Frost: “Free speech is about the government limiting speech … my governor, Ron DeSantis, is doing that right now” pic.twitter.com/R8REJTBHDE
— Aaron Rupar (@atrupar) February 8, 2023
Much of the right-wing outrage driving the hearing revolved around trumped-up claims of cancel culture and of social media companies suppressing “free speech” (whether that be slurs, calls for violence, or even incitements of riots). Frost addressed this quite acutely, noting that “there’s a difference between a culture war, and how culture naturally changes,” as he suggested some of his colleagues are resistant to natural culture change. “Just yesterday, we heard a member equate immigration negatively to ‘changing our culture.’”
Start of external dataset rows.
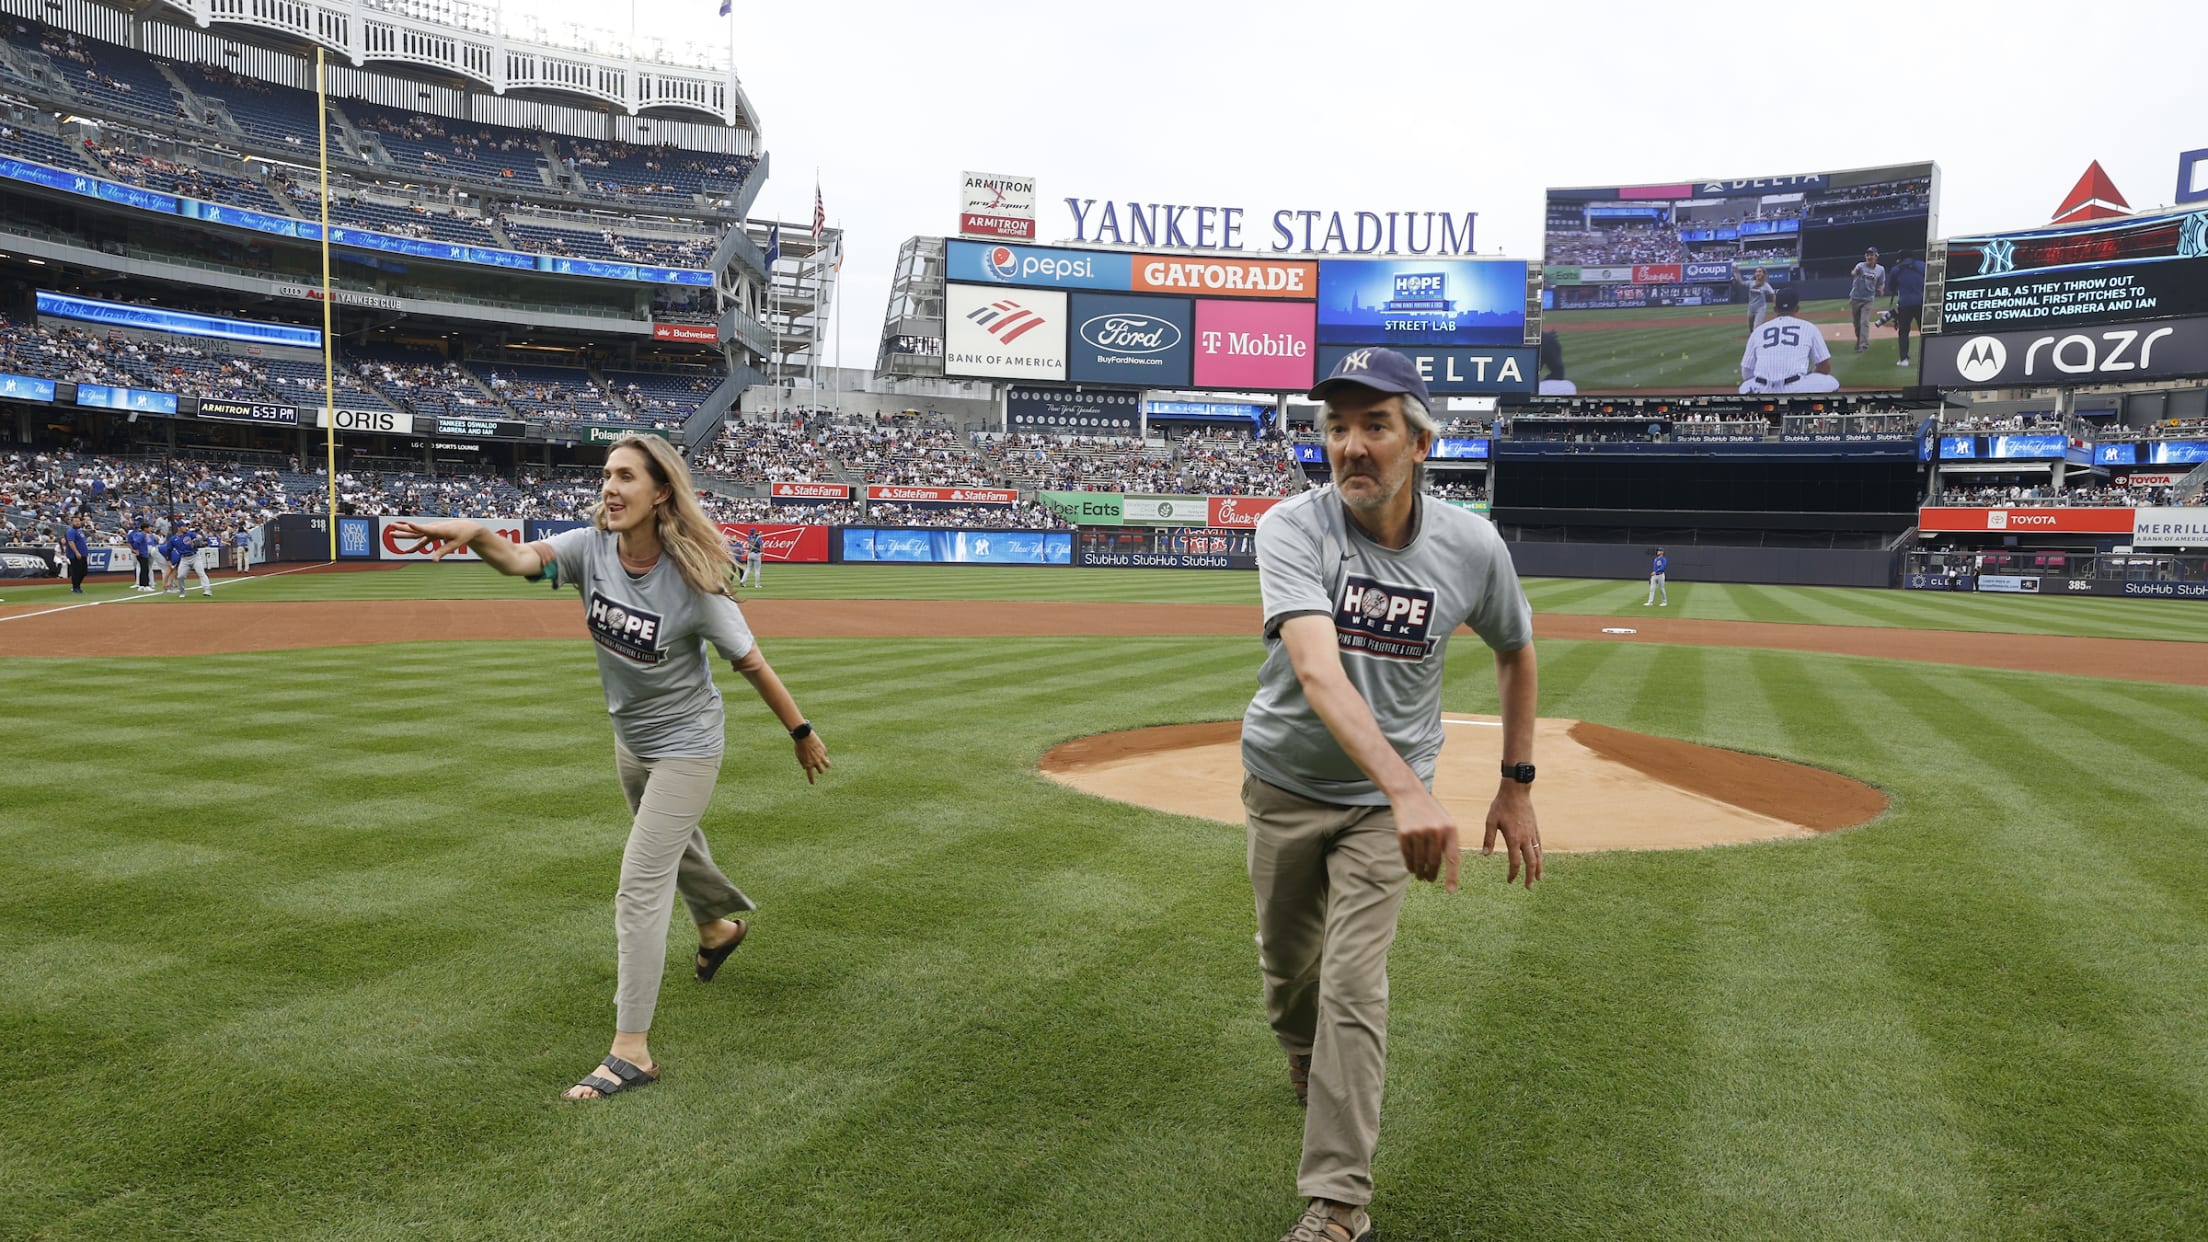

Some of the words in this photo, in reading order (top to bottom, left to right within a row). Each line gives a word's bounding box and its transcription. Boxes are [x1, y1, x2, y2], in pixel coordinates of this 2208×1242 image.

[965, 178, 1032, 193] ARMITRON
[968, 217, 1029, 230] ARMITRON
[1063, 197, 1244, 250] YANKEE
[1271, 209, 1479, 255] STADIUM
[1023, 255, 1091, 281] pepsi
[1699, 265, 1726, 276] coupa
[1144, 263, 1304, 291] GATORADE
[1946, 289, 1985, 301] STREET
[1987, 286, 2012, 299] LAB,
[2014, 284, 2029, 296] AS
[2032, 282, 2061, 294] THEY
[2064, 278, 2108, 292] THROW
[2110, 275, 2134, 287] OUT
[341, 293, 378, 306] YANKEES
[381, 298, 401, 309] CLUB
[1945, 300, 1968, 312] OUR
[1970, 295, 2040, 310] CEREMONIAL
[2042, 292, 2076, 305] FIRST
[2077, 288, 2128, 303] PITCHES
[2130, 286, 2145, 298] TO
[1944, 311, 1993, 324] YANKEES
[1994, 307, 2049, 320] OSWALDO
[2051, 303, 2105, 316] CABRERA
[2107, 300, 2133, 311] AND
[2135, 298, 2156, 309] IAN
[1098, 317, 1163, 349] Ford
[1385, 320, 1429, 331] STREET
[1432, 320, 1457, 331] LAB
[673, 328, 716, 340] Budweiser
[1763, 326, 1800, 349] 95
[1228, 332, 1307, 358] Mobile
[2024, 327, 2174, 376] razr
[948, 353, 984, 365] BANK
[986, 355, 1002, 366] OF
[1004, 355, 1063, 369] AMERICA
[1097, 355, 1163, 367] BuyFordNow.com
[1416, 356, 1522, 383] ELTA
[202, 403, 250, 415] ARMITRON
[252, 405, 276, 418] 6:53
[279, 408, 294, 420] PM
[335, 410, 394, 430] ORIS
[439, 420, 466, 428] YANKEES
[467, 422, 498, 430] OSWALDO
[439, 426, 466, 434] CABRERA
[590, 427, 625, 441] Poland
[2130, 476, 2171, 484] TOYOTA
[1048, 501, 1079, 515] ber
[1083, 502, 1120, 516] Eats
[310, 518, 326, 529] 318
[344, 523, 365, 533] NEW
[2011, 516, 2057, 525] TOYOTA
[2137, 524, 2208, 534] MERRILL
[342, 532, 367, 542] YORK
[345, 541, 365, 551] LIFE
[1085, 553, 1129, 565] StubHub
[1132, 555, 1178, 567] StubHub
[1181, 556, 1228, 567] StubHub
[1930, 578, 1962, 586] CLER
[2068, 580, 2086, 590] 385
[2126, 583, 2173, 594] StubHub
[1343, 585, 1428, 625] HOPE
[592, 599, 656, 641] HOPE
[1352, 615, 1411, 634] WEEK
[597, 622, 643, 646] WEEK
“The reality is that culture changes and adopts and welcomes more people. It becomes more understanding, and it also decides to reassess what’s acceptable behavior and rhetoric,” Frost said. “In this supposed culture war, they often conflate the right to free speech with the nonexistent right to not be criticized or held accountable for what you say on the internet or even real life.”
Questions surrounding free speech, online and offline, are indeed important, as are inquiries into policies on platforms where millions of people communicate. Frost’s lines of questioning, however, helped provide a reality check on how many of the concerns from the hearings’ most vocal proponents were about free speech versus about the right to say a slur, spread election or Covid conspiracies, or incite more riots on the Capitol.